● **Task objective**: Restate every record exactly as it is written, while omitting the pictures it holds.

● **Data provided**:
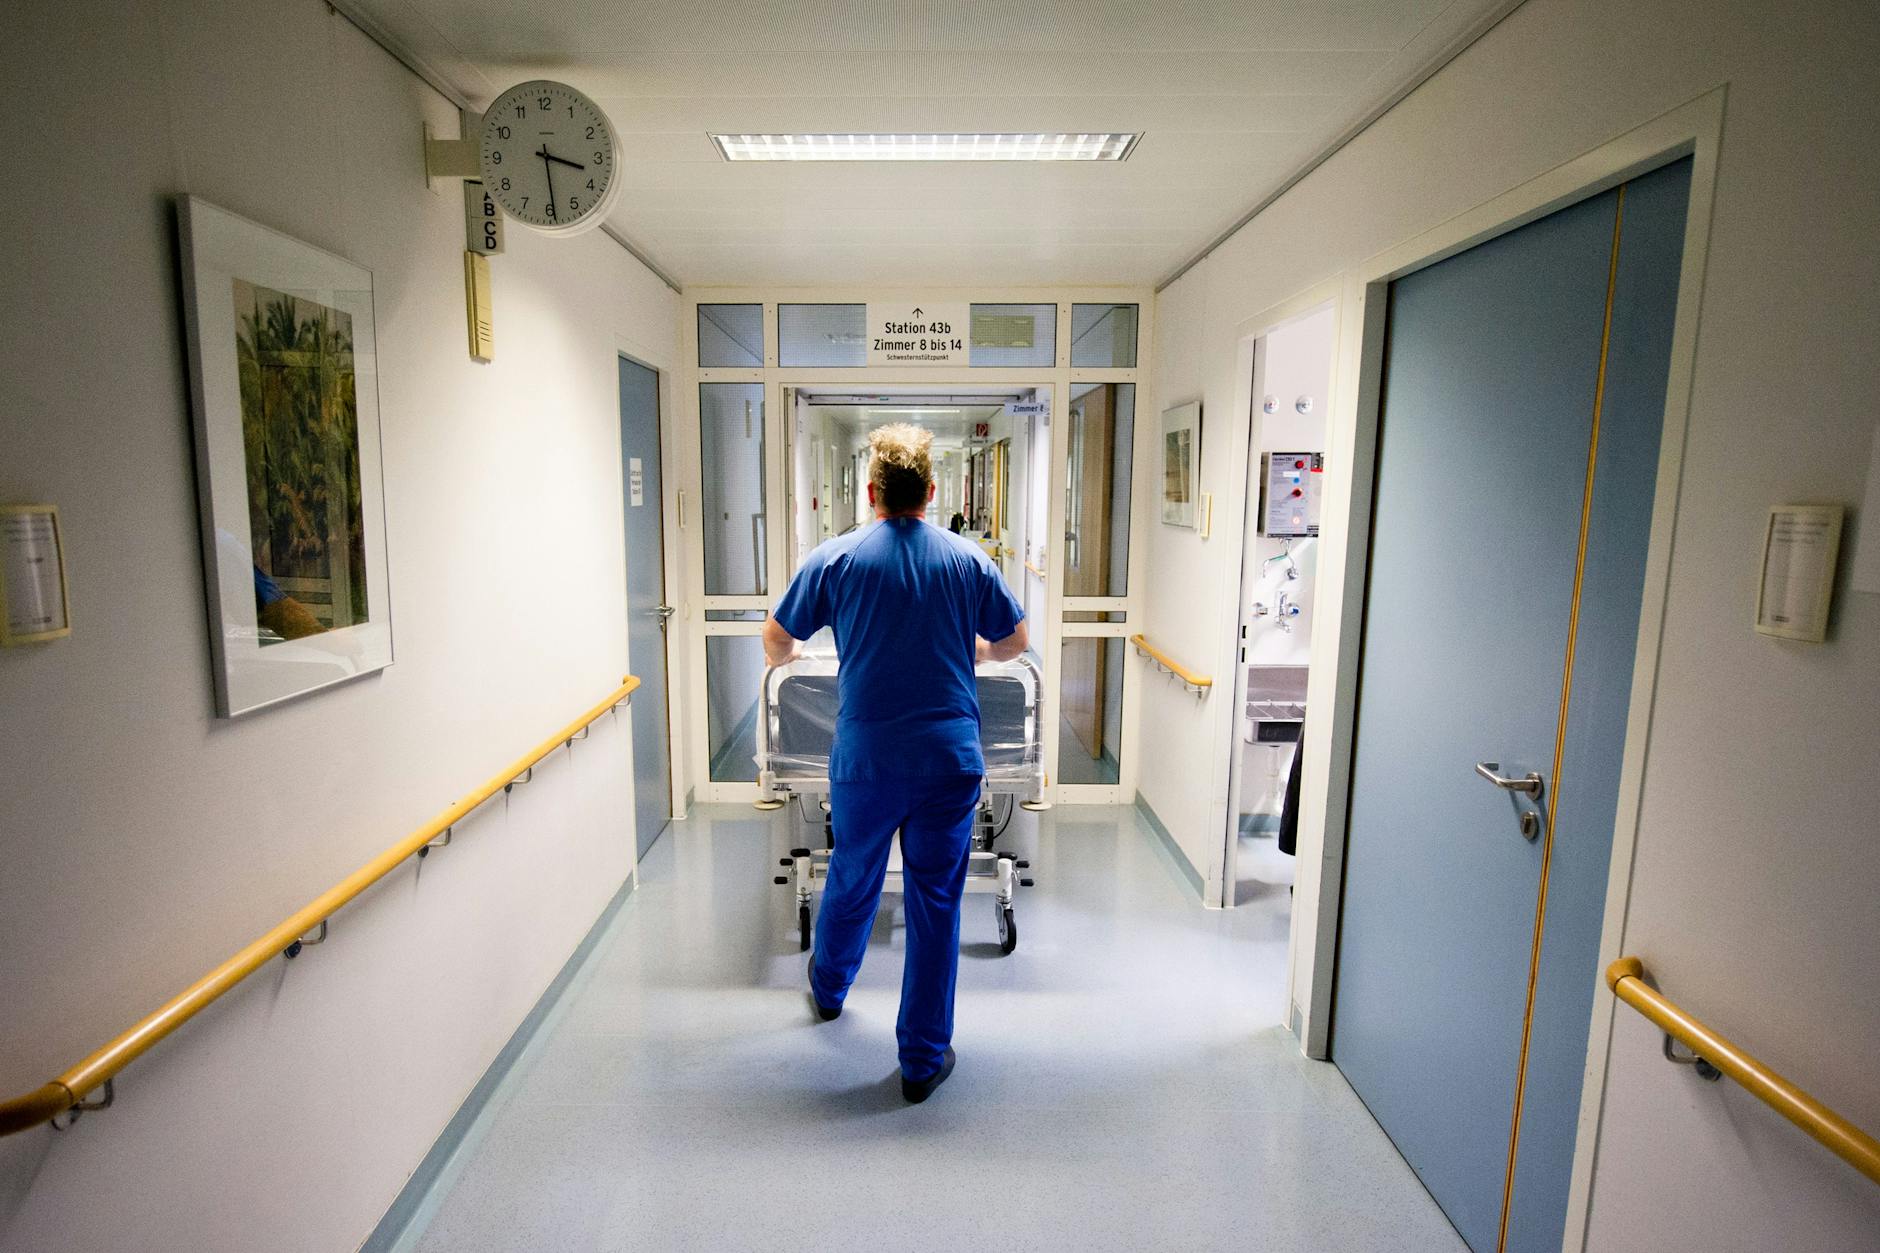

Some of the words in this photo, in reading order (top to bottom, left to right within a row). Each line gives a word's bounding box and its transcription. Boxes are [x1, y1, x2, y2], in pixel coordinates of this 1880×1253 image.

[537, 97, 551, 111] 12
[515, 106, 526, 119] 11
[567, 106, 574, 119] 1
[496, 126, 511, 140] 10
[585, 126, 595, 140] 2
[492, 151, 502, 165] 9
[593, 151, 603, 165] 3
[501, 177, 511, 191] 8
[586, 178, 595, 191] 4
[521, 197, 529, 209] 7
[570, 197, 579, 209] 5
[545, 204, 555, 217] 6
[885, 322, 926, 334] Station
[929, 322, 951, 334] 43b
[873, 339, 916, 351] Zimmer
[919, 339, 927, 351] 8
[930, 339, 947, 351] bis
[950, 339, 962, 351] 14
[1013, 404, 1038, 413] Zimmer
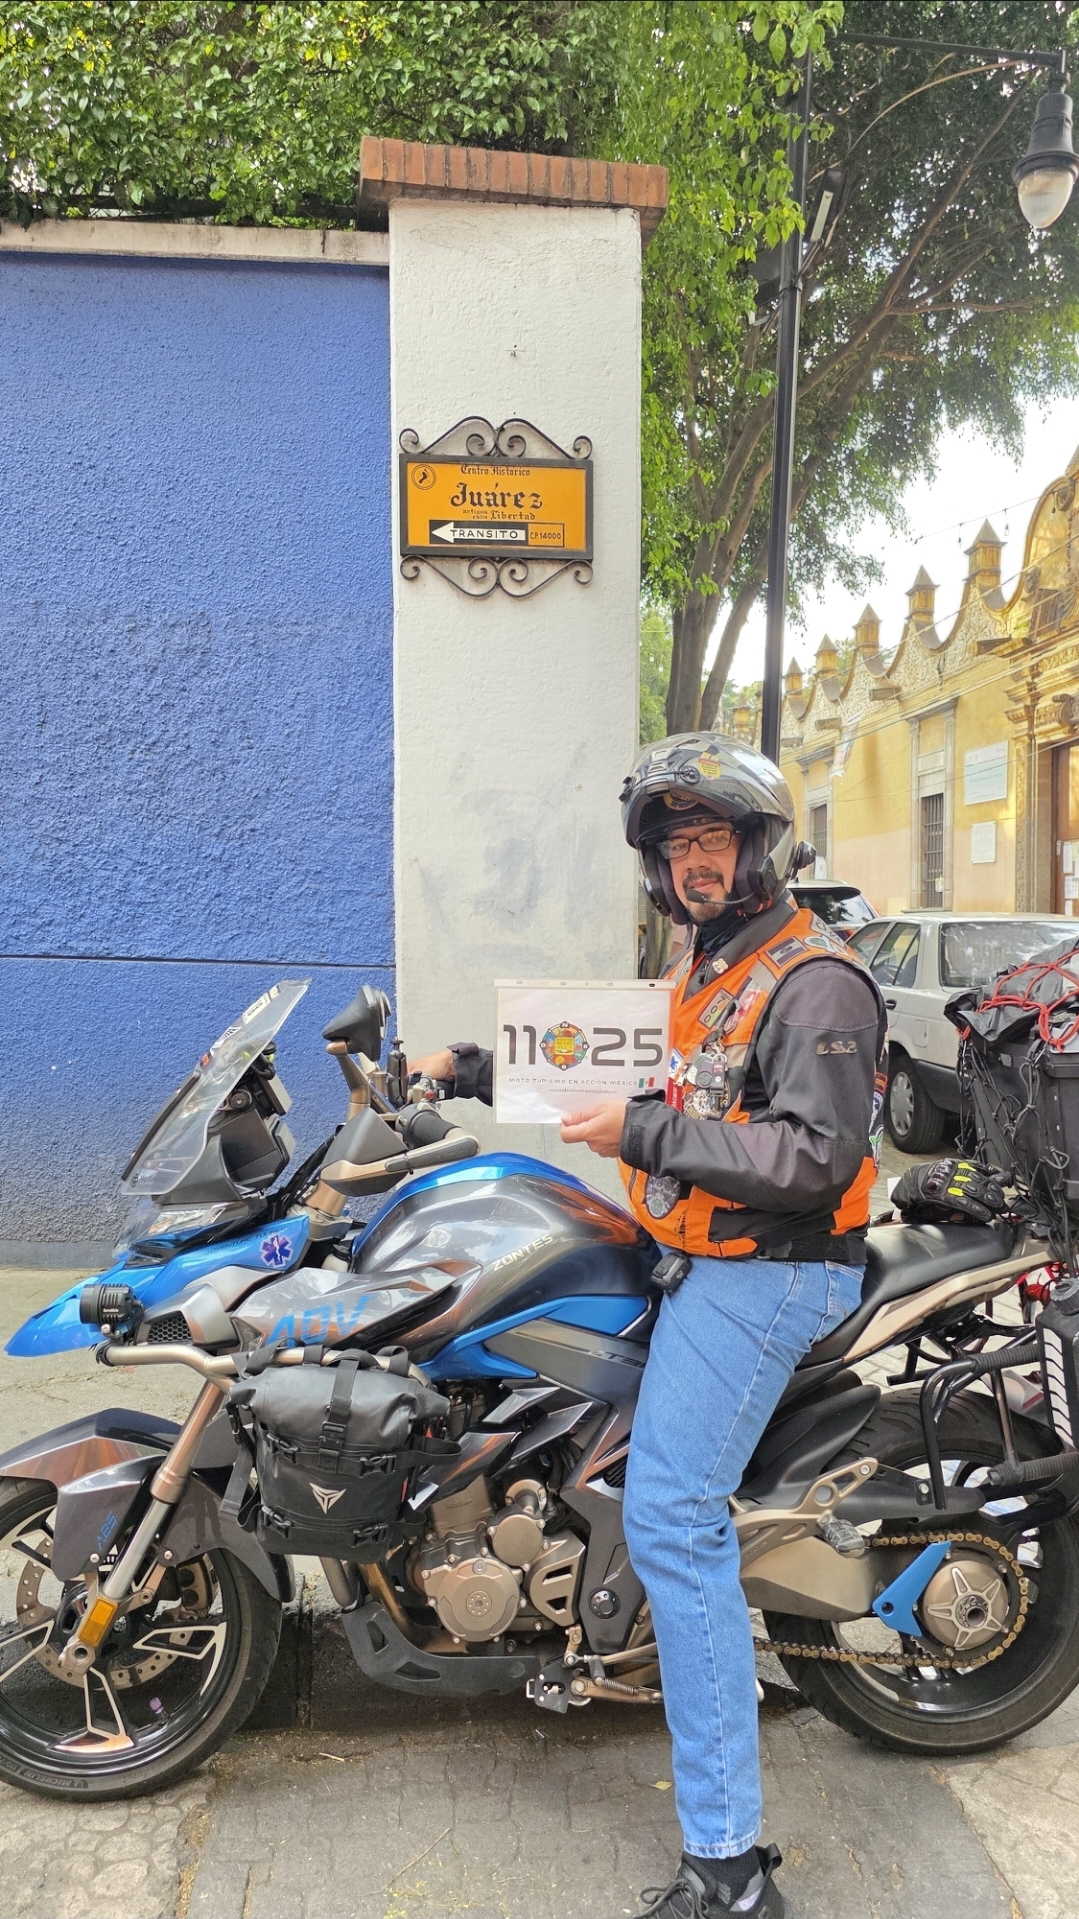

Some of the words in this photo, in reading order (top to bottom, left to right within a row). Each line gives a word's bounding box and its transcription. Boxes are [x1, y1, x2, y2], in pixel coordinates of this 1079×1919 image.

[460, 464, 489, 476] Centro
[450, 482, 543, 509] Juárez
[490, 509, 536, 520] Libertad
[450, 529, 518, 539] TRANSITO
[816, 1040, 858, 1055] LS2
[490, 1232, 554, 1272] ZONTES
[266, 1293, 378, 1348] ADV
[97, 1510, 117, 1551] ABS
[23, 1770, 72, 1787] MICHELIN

● **Result of the task**:
Some of the words in this photo, in reading order (top to bottom, left to right within a row). Each line gives a word's bounding box and its transcription. Boxes are [x1, y1, x2, y2], in pixel coordinates of this 1880×1253 image.

[537, 97, 551, 111] 12
[515, 106, 526, 119] 11
[567, 106, 574, 119] 1
[496, 126, 511, 140] 10
[585, 126, 595, 140] 2
[492, 151, 502, 165] 9
[593, 151, 603, 165] 3
[501, 177, 511, 191] 8
[586, 178, 595, 191] 4
[521, 197, 529, 209] 7
[570, 197, 579, 209] 5
[545, 204, 555, 217] 6
[885, 322, 926, 334] Station
[929, 322, 951, 334] 43b
[873, 339, 916, 351] Zimmer
[919, 339, 927, 351] 8
[930, 339, 947, 351] bis
[950, 339, 962, 351] 14
[1013, 404, 1038, 413] Zimmer

Some of the words in this photo, in reading order (top to bottom, left to right within a row). Each line gives a word's bounding box and its transcription. Boxes are [x1, y1, x2, y2], in pixel coordinates of this 1079×1919 image.

[460, 464, 489, 476] Centro
[450, 482, 543, 509] Juárez
[490, 509, 536, 520] Libertad
[450, 529, 518, 539] TRANSITO
[816, 1040, 858, 1055] LS2
[490, 1232, 554, 1272] ZONTES
[266, 1293, 378, 1348] ADV
[97, 1510, 117, 1551] ABS
[23, 1770, 72, 1787] MICHELIN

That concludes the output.